The Rajah sails for Australia.
On board are 180 women convicted of petty crimes, sentenced to start a new life half way across the world.
Daughters, sisters, mothers – they’ll never see home or family again. Despised and damned all they have now is each other.
Until the murder.
As the fearful hunt for a killer begins, everyone on board is a suspect.
The investigation risks tearing their friendships apart….
But if the killer isn’t found, could it cost them their last chance of freedom?
Based on a real-life voyage, Dangerous women is a sweeping tale of confinement, hope and the terrible things we do to survive.
This story is set in 1841and follows the fates of 180 women prisoners who are being transported to Van Die men’s Land. Giving them a chance for a new start, a fresh life. But in going they are having to leave everyone and everything they know behind. Their crimes are petty ones, some are innocent of the charges. Others have done what they have done in order to feed their children.
For one prisoner, she was due to hang but has managed to swap places with another prisoner by drugging her and tying her up and taking her place. For the whole journey she is fearful of being caught and either being sent back or hung when they reach their destination. The reader knows nothing of her crime until later in the book.
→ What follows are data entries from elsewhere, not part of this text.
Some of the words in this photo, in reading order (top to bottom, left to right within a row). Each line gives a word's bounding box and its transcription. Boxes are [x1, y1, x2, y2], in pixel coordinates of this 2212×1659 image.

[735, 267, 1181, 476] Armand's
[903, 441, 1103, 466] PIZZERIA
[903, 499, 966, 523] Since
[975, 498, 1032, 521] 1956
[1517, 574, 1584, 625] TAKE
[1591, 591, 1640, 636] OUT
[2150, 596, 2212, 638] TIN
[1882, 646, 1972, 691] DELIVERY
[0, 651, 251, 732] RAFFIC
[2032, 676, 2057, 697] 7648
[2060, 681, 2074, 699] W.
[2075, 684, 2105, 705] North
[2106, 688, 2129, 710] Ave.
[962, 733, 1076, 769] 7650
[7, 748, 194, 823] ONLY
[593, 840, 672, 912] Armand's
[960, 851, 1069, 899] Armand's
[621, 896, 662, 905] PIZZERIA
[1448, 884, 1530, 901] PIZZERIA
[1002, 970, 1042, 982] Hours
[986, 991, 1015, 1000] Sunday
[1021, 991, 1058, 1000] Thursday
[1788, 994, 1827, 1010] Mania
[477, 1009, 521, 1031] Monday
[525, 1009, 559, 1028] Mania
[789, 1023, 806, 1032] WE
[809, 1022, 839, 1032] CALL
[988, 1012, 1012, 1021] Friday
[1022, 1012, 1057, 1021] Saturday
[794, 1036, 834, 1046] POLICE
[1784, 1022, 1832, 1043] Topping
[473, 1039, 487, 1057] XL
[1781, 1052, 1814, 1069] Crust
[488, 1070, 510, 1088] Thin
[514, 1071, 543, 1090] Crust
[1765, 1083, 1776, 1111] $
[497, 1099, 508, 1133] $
Kezia Hayter is the matron in charge of the women, she had a free passage on the ship, in exchange for devoting her time to caring and improving the prisoners, on behalf of the Ladies Society. Throughout the journey which took from April 1841 to July 1841 she oversaw the making of a large patchwork coverlet known as the Rajah Quilt. Kezia chooses 18 women out of the 180 to work on the quilt. Which becomes a thing of beauty, it gives the women something to focus on instead of the rolling of the ship, as well as keeping them busy. Before the voyage Kezia Hayter had worked with Elizabeth Fry and others on the Ladies Committee to improve the lives of prisoners. at Millbank Penitentiary for ten months.
The story is fictional but some of the characters are the names of real characters who were on that journey such as Kezia Hayter and the Captain Charles Ferguson.
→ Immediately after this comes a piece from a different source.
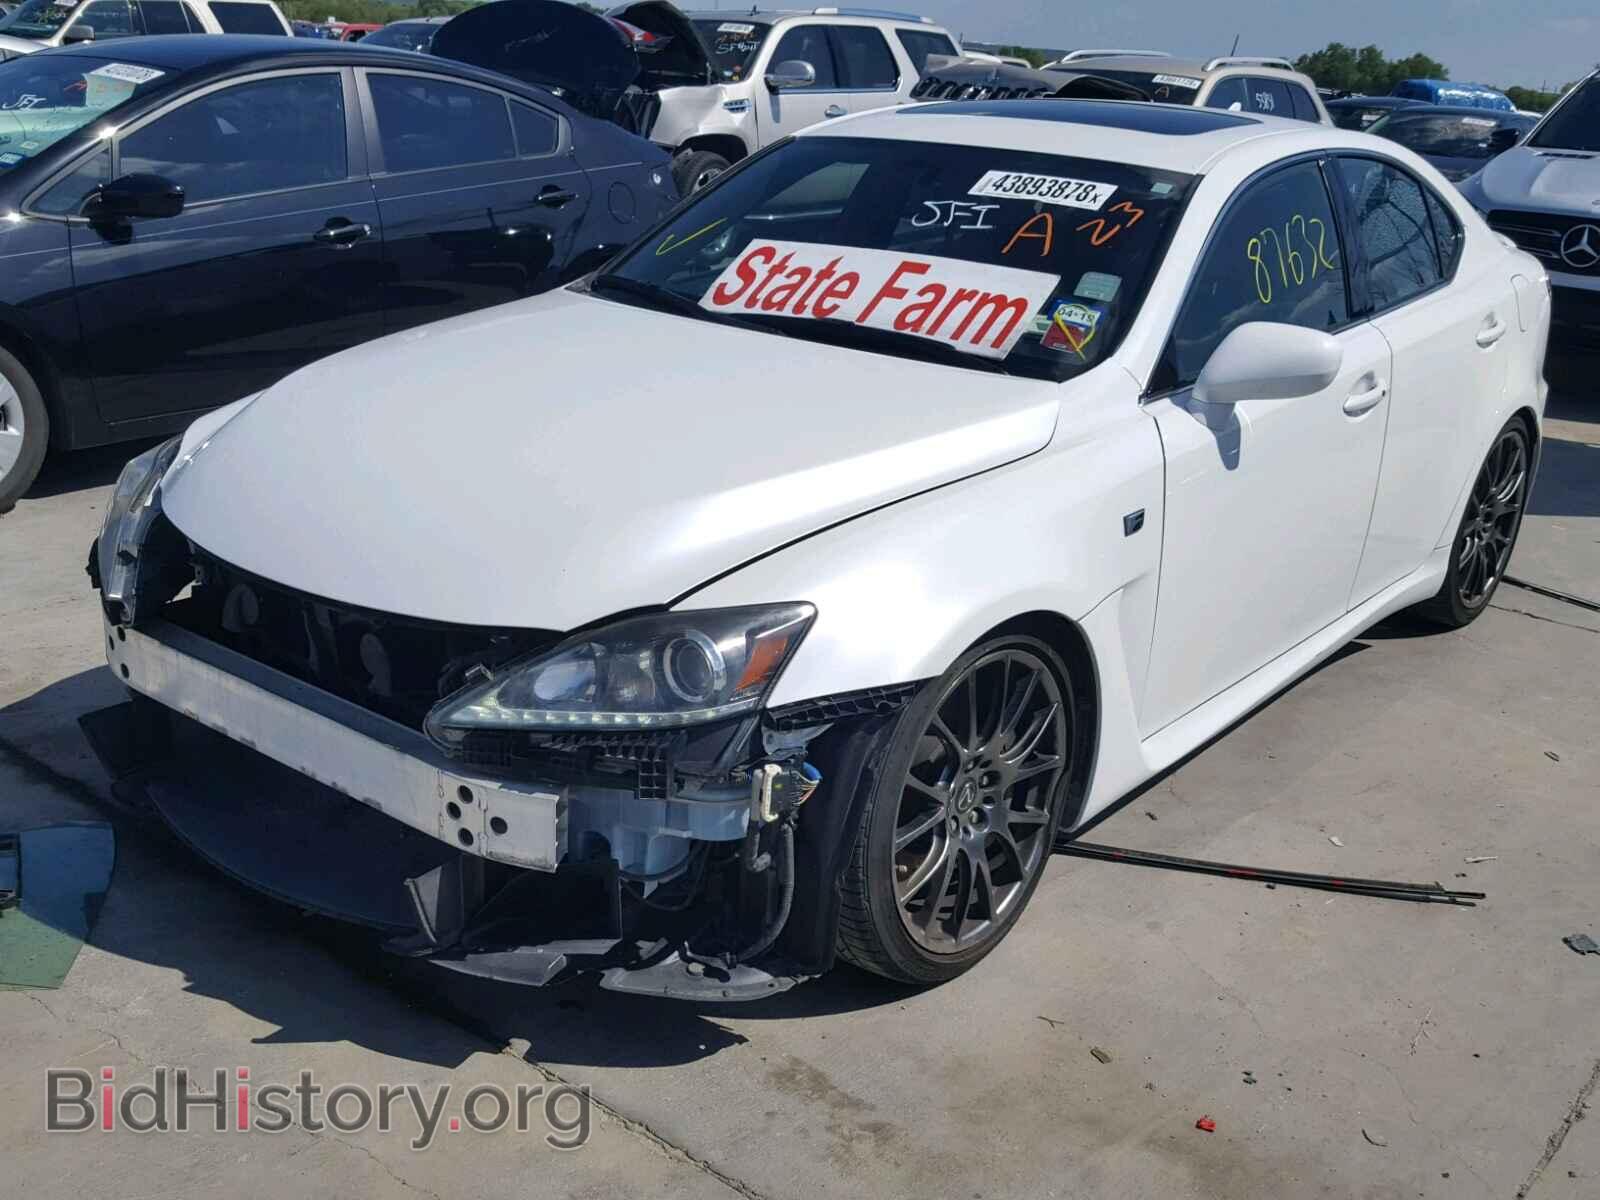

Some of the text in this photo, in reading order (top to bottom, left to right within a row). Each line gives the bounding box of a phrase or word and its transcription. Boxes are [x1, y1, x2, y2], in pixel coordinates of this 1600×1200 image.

The story is told through two timelines April 1841 Then, July 1841 Now as the journey progresses and Hattie has been stabbed but by who? And why? Also told through two viewpoints one of Kezia and the other Cara.
From the ladies boarding the ship, to those being picked to work on the quilt, getting to know some of the characters. The women are all strong characters. Some have been allowed children with them, if there was no one in court that could take the child and look after it, then they went with the parent. For some that had to leave children and grandchildren behind it was a very difficult time. Hattie had her son Bertie with her.
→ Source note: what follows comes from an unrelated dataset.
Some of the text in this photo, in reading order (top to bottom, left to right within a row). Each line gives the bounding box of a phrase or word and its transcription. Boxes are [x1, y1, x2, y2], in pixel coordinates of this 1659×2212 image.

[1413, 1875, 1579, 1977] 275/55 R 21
These women were stitching either on the deck of the ship or down below where I can’t even imagine what the light would have been like, when I stitch I need a large overhead daylight lamp, not only did they have that to deal with but the constant movement of the ship. But despite all this these ladies worked on the quilt which is on exhibition even now. This was Kezia Hayter’s dream to have something to show of the journey they had made. At the end of each day she she would have the women sing a hymn. At the beginning of each chapter is a description of the fabrics being used on the next piece of the quilt.
The descriptions of the claustrophobic conditions on board the ship are so realistic you can imagine how tight it would have been, the smells and the rocking of the boat, especially when the see became rougher and the slop buckets were tipping over along with everything else.
The story of the sailing was true and that of the quilt making, but the author adding the murder in added some intrigue to the story, as we start to learn some of the secrets of the women, until the climax near the end where we find who the real killer is and why.
I thoroughly enjoyed this story, and found myself looking up the quilt to see what it looked like. The story is woven as beautifully as the stitching on the quilt. If you like historical fiction then I highly recommend you grab a copy of this 5⭐️ read, I literally couldn’t put it down.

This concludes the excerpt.